Llegó al club en el invierno de 1988, procedente de Vélez Sársfield, para disputarle el puesto a su ídolo, Hugo Orlando Gatti. Y rápidamente se quedó con la titularidad, ya que José Omar Pastoriza, por aquel entonces técnico xeneize, le dio la titularidad en la segunda fecha del Campeonato 1988-89. Se terminó así el ciclo del popular Loco y comenzó la era de Navarro Montoya, que duraría nada más y nada menos que 8 años.

Su debut no pudo ser mejor. Fue el 18 de septiembre ante River y en el Monumental. El xeneize se impuso por 2 a 0, con goles de Walter Osvaldo Perazzo y Alfredo Oscar Graciani.

En 1989 obtuvo su primer título en Boca. Fue la Supercopa de ese año. Las dos finales ante Independiente terminaron 0 a 0 y el Mono fue decisivo en la definición por penales, conteniendo el remate de Luis Fabián Artime. Y en marzo de 1990 llegó la segunda consagración: fue la Recopa Sudamericana, victoria 1 a 0 sobre Atlético Nacional de Medellín, en Miami.

En 1991, Navarro Montoya aclanzó un excelente nivel, y fue parte de un equipo brillante que ganó el Clausura 1991. Pero la alegría no fue completa por la derrota ante el Newell´s de Bielsa en las finales de la Temporada.

El Mono tuvo que esparar hasta 1992 para poder dar la vuelta olímpica con el xeneize a nivel local. Fue en el Apertura de ese año. Y Navarro Montoya tuvo una participación decisiva, conteniéndole un penal a Hernán Edgardo Díaz en el superclásico, que le permitió al xeneize quedarse con dos puntos decisivos. Además, en ese Torneo, el Mono estableció un récord de 825 minutos con el arco invicto, en la que aún hoy es la mejor marca de la historia del club. Así, el Mono cumplió su sueño y el xeneize gritó campeón luego de 11 años. Ese año también participó de la obtención de la Copa Máster y al año siguiente, de la Copa de Oro Sudamericana.

El año 1994 lo encontró otra vez en excelente nivel y era unánimemente considerado como el mejor arquero del fútbol argentino. Su alto rendimiento merecía una oportunidad en la Selección que disputaría el Mundial de Estados Unidos. Pero en su juventud había defendido los colores de la selección colombiana y eso le impidió cumplir su otro sueño: lucir el buzo de Argentina.

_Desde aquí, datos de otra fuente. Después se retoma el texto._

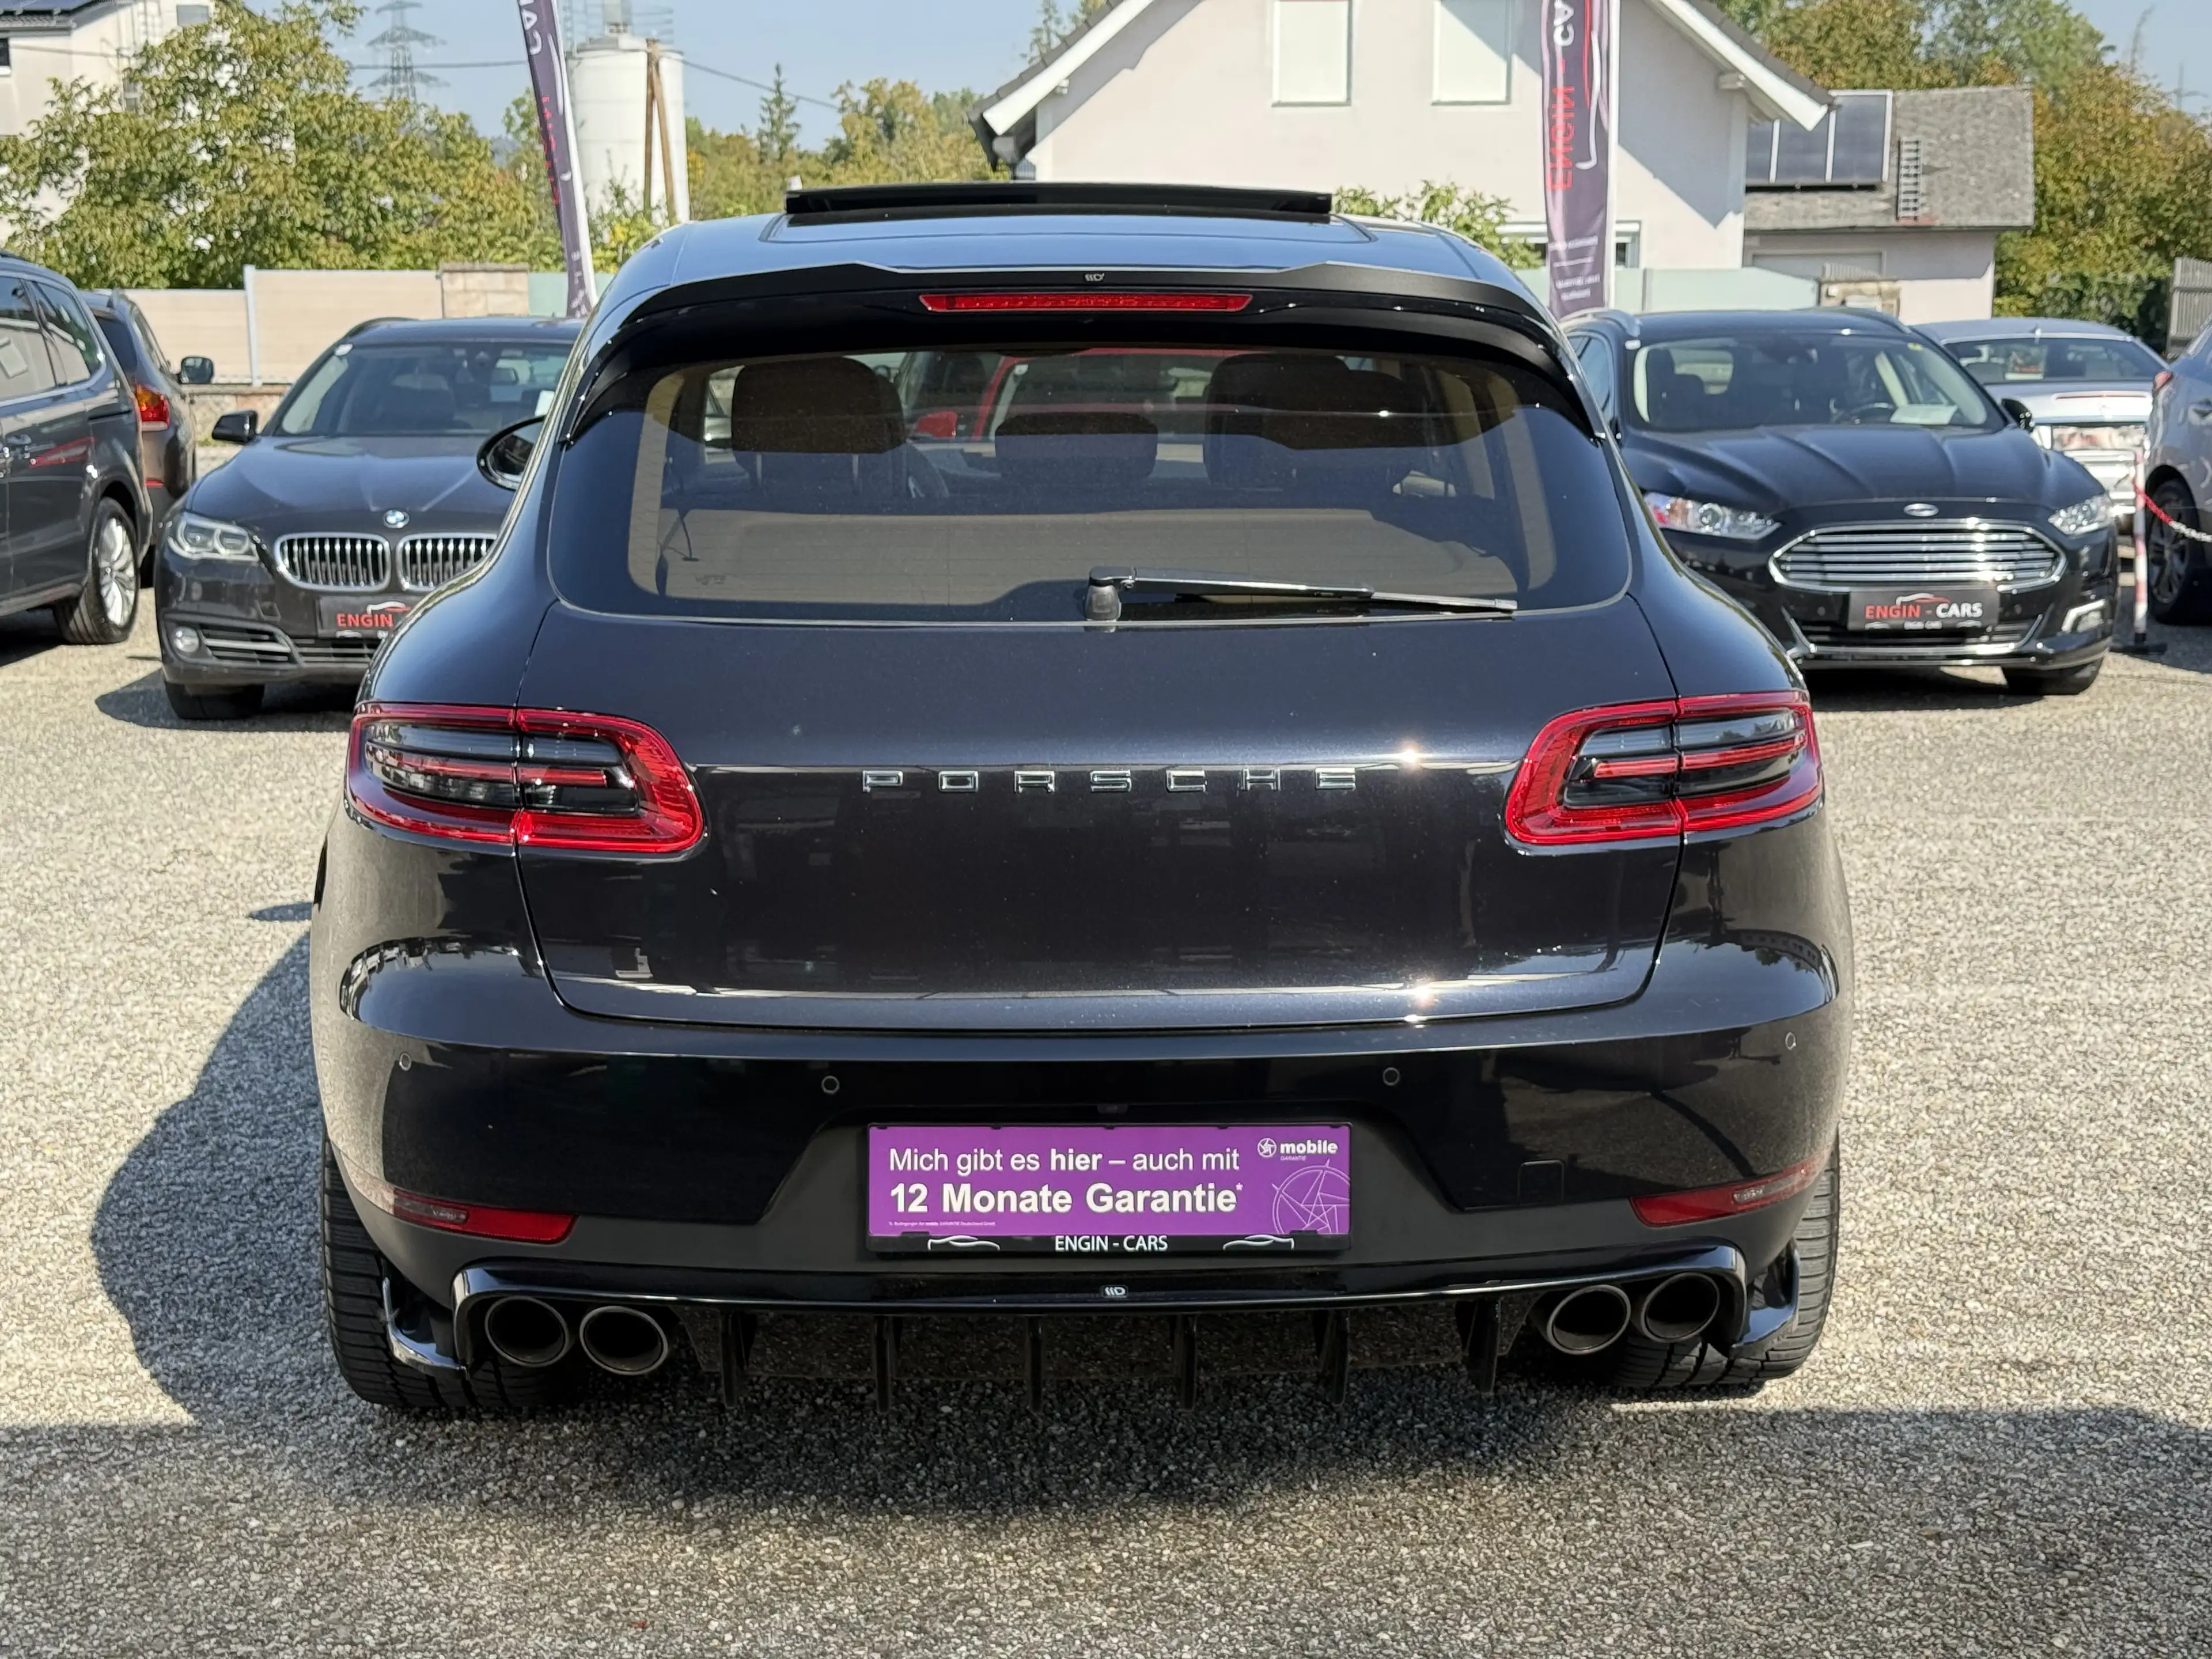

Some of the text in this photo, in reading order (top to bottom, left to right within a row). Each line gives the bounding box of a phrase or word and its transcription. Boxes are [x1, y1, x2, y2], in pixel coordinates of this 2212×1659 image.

[1865, 605, 1921, 619] ENGIN
[1936, 603, 1983, 618] CARS
[336, 612, 393, 627] ENGIN
[862, 767, 1358, 793] PORSCHE
[1280, 1139, 1338, 1154] mobile
[890, 1148, 948, 1171] Mich
[957, 1148, 1003, 1176] gibt
[1010, 1153, 1040, 1171] es
[1051, 1148, 1103, 1171] hier
[1132, 1148, 1193, 1171] auch
[1202, 1148, 1240, 1171] mit
[891, 1183, 929, 1213] 12
[942, 1183, 1073, 1213] Monate
[1055, 1236, 1108, 1252] ENGIN
[1123, 1236, 1168, 1252] CARS

Como referente casi permanente del plantel xeneize durante varios años, tuvo varios cruces con el por entonces vicepresidente de la institución, Carlos Salomón Heller. Todo parecía llegar a su fin con el desembarco de Mauricio Macri en el club. Pero junto con este llegó Carlos Salvador Bilardo a la dirección técnica. Y Navarro Montoya, un menottista de toda la vida, jamás se sintió cómodo con el Narigón.

Así fue que llegó el fin de su ciclo boquense. El 17 de noviembre de 1996 jugó su último partido en Boca, en una dura derrota, 3 a 1 ante Banfield en el Sur.

Luego se convirtió en un trotamundos y vistió 11 camisetas: Extremadura, Mérida y Tenerife de España, Deportes Concepción de Chile, Chacarita, Independiente, Gimnasia, Paranaense de Brasil, Chicago y Olimpo. Su último club fue el Tacuarembó de Uruguay.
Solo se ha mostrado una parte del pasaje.